Verschwunden. Die Justizflucht von Olympiasieger Peter Seisenbacher dauert an. Sein Anwalt sagt, auch er stehe vor einem Rätsel, will das Mandat aber nicht zurücklegen.
Die ganze Angelegenheit wird immer grotesker: Peter Seisenbacher, Österreichs zweifacher Judo-Goldmedaillengewinner bei Olympischen Spielen (Los Angeles 1984, Seoul 1988), bleibt auch im neuen Jahr spurlos verschwunden. Für den Grazer Anwalt des früheren Weltklasse-Kampfsportlers, Bernhard Lehofer, ergeben sich (nach eigenem Bekunden) immer mehr Fragezeichen. Trotzdem will er seinem prominenten Klienten die Treue halten: „Ich lege das Mandant sicher nicht zurück.

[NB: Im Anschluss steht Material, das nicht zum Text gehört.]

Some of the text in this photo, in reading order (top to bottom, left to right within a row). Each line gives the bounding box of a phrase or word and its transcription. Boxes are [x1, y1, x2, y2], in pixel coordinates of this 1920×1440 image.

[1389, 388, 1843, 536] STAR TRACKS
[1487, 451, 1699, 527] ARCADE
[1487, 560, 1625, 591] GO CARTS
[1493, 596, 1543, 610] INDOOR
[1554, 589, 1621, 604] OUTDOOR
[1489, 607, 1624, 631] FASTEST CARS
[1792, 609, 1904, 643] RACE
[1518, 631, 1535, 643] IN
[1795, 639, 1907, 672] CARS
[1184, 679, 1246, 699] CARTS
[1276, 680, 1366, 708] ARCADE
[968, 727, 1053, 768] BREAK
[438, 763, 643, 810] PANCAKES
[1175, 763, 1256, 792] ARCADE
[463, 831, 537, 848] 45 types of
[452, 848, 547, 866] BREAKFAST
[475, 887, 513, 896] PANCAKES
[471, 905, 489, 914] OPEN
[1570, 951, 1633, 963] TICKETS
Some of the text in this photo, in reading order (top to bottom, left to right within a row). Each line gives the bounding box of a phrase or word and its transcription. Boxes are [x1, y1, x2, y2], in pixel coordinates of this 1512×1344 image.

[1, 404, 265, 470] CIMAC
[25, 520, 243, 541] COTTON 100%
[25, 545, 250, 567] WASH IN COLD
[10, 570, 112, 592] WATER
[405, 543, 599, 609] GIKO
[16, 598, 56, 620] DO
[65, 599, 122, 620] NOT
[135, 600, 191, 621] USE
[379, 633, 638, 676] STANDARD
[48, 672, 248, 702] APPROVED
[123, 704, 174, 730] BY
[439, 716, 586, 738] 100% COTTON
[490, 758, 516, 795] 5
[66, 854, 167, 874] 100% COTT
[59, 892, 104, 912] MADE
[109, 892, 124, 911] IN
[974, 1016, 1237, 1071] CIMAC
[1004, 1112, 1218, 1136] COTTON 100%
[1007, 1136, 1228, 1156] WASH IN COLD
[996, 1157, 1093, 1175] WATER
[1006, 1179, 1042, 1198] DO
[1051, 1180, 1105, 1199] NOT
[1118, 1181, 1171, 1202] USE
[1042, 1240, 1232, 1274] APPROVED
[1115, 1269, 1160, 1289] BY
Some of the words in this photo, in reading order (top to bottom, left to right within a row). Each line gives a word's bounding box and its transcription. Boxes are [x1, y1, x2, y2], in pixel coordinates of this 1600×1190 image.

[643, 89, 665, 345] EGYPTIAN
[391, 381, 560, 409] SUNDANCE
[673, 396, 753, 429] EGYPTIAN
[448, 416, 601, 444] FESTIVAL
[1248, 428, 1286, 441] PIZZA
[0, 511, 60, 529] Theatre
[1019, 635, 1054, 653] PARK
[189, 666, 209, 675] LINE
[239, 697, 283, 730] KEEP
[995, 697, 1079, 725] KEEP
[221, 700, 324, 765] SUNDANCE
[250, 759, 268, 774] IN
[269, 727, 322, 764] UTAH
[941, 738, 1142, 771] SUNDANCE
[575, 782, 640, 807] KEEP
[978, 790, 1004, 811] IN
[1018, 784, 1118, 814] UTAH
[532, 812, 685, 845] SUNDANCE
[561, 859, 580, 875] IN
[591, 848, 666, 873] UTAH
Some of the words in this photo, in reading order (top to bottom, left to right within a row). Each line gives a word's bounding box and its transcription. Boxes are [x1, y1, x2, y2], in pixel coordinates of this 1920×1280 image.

Ich bin nicht beleidigt.“
Lehofer weiter: „Ich kenne ihn seit meiner Kindheit, er war ein Judoidol von mir.“ Lehofer war selbst 30 Jahre lang Judoka. Nun aber wisse er nicht einmal, in welchem Land sich Seisenbacher aufhalte. Allerdings weist der Anwalt medial kolportierte Spekulationen, wonach Seisenbacher nur bis zu den Olympischen Spielen in Rio, also bis Sommer 2016, der Trainer des Judoverbandes von Aserbaidschan gewesen sei, zurück. „Der Peter war bis zuletzt Verbandstrainer in Aserbaidschan."
Einsilbige Wiener Strafjustiz
Die Justiz macht derzeit keine besonders gute Figur. Vor dem Missbrauchsprozess, zu dem der 56-jährige Wiener am 19. Dezember einfach nicht erschienen war, hatte sie noch erklärt, es gebe keinen U-Haft-Grund; nichts spreche dagegen, dass Seisenbacher als freier Mann von Baku nach Wien zur Verhandlung anreise. Seither heißt es immer gleichlautend, es gebe keine Neuigkeiten, man habe von dem Angeklagten „nichts gehört“.
Zuletzt hatte das Straflandesgericht Wien auf „Presse“-Anfrage die Verhängung eines Haftbefehls ausdrücklich verneint. Dennoch laufen offenbar hinter den Kulissen Fahndungsmaßnahmen, um den Aufenthaltsort des Ex-Athleten herauszubekommen. Immerhin drohen im Falle eines anklagekonformen Schuldspruchs bis zu zehn Jahre haft.
Seisenbacher wird vorgeworfen, zwischen 1997 und 2004 zwei Mädchen sexuell missbraucht zu haben. Beide Opfer sollen Schützlinge des nunmehrigen Angeklagten gewesen sein. Sie trainierten in einem von Seisenbacher geleiteten Wiener Judoklub. Das erste Opfer war erst elf Jahre alt, als zu geschlechtlichen Handlungen gekommen sein soll. Das zweite Mädchen war, so die Vorwürfe, 13 Jahre alt. Seisenbacher hat sich zu den Vorwürfen bisher nicht öffentlich geäußert. Für ihn gilt die Unschuldsvermutung.
Anwalt Lehofer setzt nun auf Abwarten. „Er hat meine Daten, er kann sich jederzeit melden.“ Zu der Frage, ob er nicht im Laufe der Zeit immer eher damit rechnen müsse, dass ein internationaler Haftbefehl gegen seinen Klienten ergeht, wollte der Anwalt nichts sagen. (m. s.)